The causes of schizophrenia are usually a combination of genetics and environmental factors, both of which weave a sticky web that can catch any of society’s feckless youth. Like many health problems, start by digging out the family tree. Buy some sherry. Then visit whichever Aunt still rolls a bag of marbles and start ticking the extended family off, for the single biggest risk factor is having a close relative with the disease. “Old Uncle Tony, you say he drowned the puppies because he didn’t have enough chum?” Feign shock, and then move on. Uncle Tony is cold, possibly a little loose off the tee, but he’s not a schizophrenic. Tick off all the immediate relatives and it not only makes Christmas drinks go with a bit more fizz, but it also means you can shift your focus onto your immediate surrounds, your ‘environment’.
Before buying a box of fluffy towels and some scented candles though, have a word with your mother. If there is any sherry left, pour her a glass and ask if her pregnancy with you was ok. Should her eyes narrow and she grip her sherry glass so tightly her knuckles turn white you may have grounds for concern. A stressful pregnancy has been associated with increased risk of schizophrenia for whoever pops out nine months later. They say it’s down to reelin. Reelin is, as many of you will know, “a large secreted extracellular matrixglycoprotein that helps regulate processes of neuronal migration and positioning in the developing brain by controlling cell-cell interactions”. So, if your mother spent much of her pregnancy all het up and shouting at Huw Edwards, there is a risk that she may not have produced enough reelin. If she was also a little heavy in the hip, you might have another issue, for obesity is also a possible risk factor. But then Jamie Oliver has got the government’s health tsars convinced that obesity is to blame for everything from the lack of a Lothar Matthias-like midfield dynamo in the national football team, to the gaping cracks in western liberal democracy. The fatties are to blame.

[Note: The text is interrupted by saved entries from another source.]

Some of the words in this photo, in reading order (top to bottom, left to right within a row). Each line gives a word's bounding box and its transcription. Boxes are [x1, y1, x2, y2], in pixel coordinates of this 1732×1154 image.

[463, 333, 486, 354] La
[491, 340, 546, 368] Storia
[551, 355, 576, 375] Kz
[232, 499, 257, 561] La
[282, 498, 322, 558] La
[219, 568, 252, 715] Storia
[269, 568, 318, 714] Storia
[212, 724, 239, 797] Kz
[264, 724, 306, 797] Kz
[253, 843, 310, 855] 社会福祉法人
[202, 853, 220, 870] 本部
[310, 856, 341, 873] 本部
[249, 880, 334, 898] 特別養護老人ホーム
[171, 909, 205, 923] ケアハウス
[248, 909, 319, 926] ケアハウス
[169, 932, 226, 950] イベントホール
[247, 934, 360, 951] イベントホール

Other environmental factors that can pitch you into the fog of schizophrenic living is growing up in a town. The urban environment, full of fumes, chip shops and graffiti, has consistently been found to increase the risk, by a factor of two. Throw in some drug use and a bit of playground bullying and you will soon be heading deep into weeds of psychosis. Social isolation, racial discrimination, unemployment and a dysfunctional family living in a damp house with no soft furnishings, as you might imagine, will all contrive to find you in the precinct on a weekday morning chasing pigeons in your dressing gown. Holding down a job will not be possible. About 85% of schizophrenics are unemployed.
There is not a lot to be done if you do hear voices. The main treatment is antipsychotic medication. Research suggests that a good 3-mile run will also help. Fresh air appears just the tonic. And cut out the cannabis. Painting too, is worth a shot. And put your name down for an allotment. The medication can help reduce some symptoms but as ever there are side effects such as weight gain and, much to the chagrin of Jamie Oliver, diabetes. The irony is often lost given the obvious desperation in alleviating the condition which can reduce life expectancy by anything up to twenty-five years. The human and economic cost of the condition are significant.
Buy a dog, some wellies and hit the hills. You may be out of adolescence, but in a world of online trolls, cheap chardonnay and Southern Rail, you don’t want to get complacent.